For my part, I’ve read the Koran twice cover to cover, which is far less than many Muslims, and far more than most Christians.
The million dollar question today is whether or not Islam is inherently violent. “Is it?” you are asking. “I will tell you,” says I.
There are two popular lines. One is the ranting and insistent “Yes!” which has on its side a vast array of very obvious evidence, namely, that some of the most terrorist-producing countries are Muslim. Muslim countries are not good to women. Honor killings are still practiced in some Muslim countries. The people who point this out usually do so without much nuance.

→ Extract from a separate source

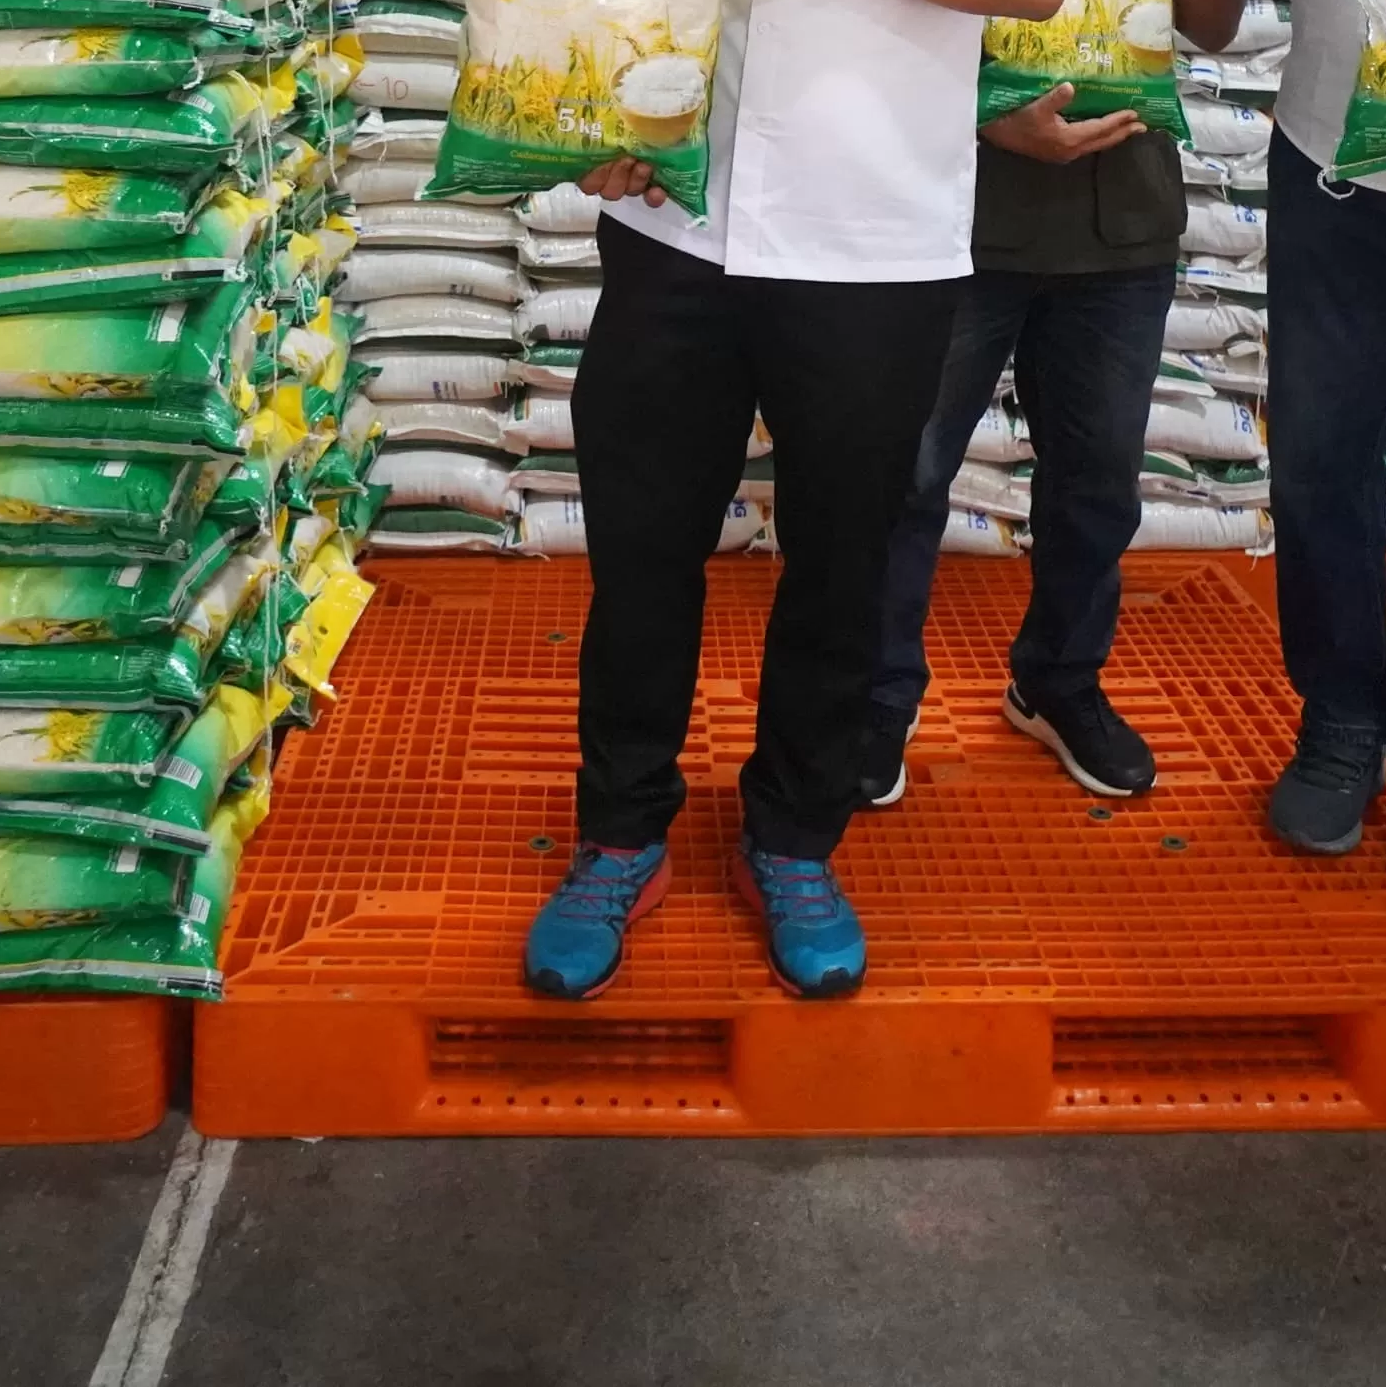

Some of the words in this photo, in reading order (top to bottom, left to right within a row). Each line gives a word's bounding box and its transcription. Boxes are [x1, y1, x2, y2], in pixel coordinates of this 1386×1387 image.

[1078, 42, 1093, 64] 5
[381, 75, 409, 102] 10
[559, 107, 576, 132] 5
[579, 117, 602, 139] kg

The second popular voice is a more calm but less sensible, “No.” It’s the claim that Muslims are just people like everyone else who have a peaceful religion like Christianity or Buddhism. They’re misrepresented by extremists the way sophomoric cynics try to group all Christians with Westboro Baptist Church. This view is based on hope.
The Koran came to be when Muhammed entrenched the ethical code of the 7th century Arabian desert in an eternal religious being whom he claimed was speaking to him. Thus Muslim ethics will always be tied to the nature of daily life in that cultural context. In that context, if a tribe attacked your tribe, and you did not retaliate, you signaled weakness. Thus the rival tribe would feel empowered to attack again, to take your women as property, to drive your people away. “An eye for an eye” is the teaching of the Koran. Forgiveness is encouraged only insofar as it causes a person to reform. But territorial defense is essential.
Is that violent? Sort of. It’s also sort of basic, common-sense justice that you would expect of a culture that isn’t governed by a bureaucratic legal system. It’s not the same as the Christian ethic of turning the other cheek and repaying evil with good. It’s not the same as Christianity, and the two are not just different paths to the same God. But it also isn’t crazy.
The problem is that masses of Muslims throughout the world are told that the West has already taken eyes and teeth from them in wars of incursion. The sexual morality we dispense through our movies and our scandalous celebrities is fairly convincing proof that we’re not reforming. So in a cross-section of the Muslim world, there is a wholesale belief that the West has attacked. If they don’t respond in kind in some way, it will signify weakness and allow for further offense. That’s just the way of the desert. So rather than demonizing Islam, take its ethic for what it is: pre-Enlightenment myopia. Combine that with abject poverty and you have something that is potentially volatile. However, it isn’t of necessity violent.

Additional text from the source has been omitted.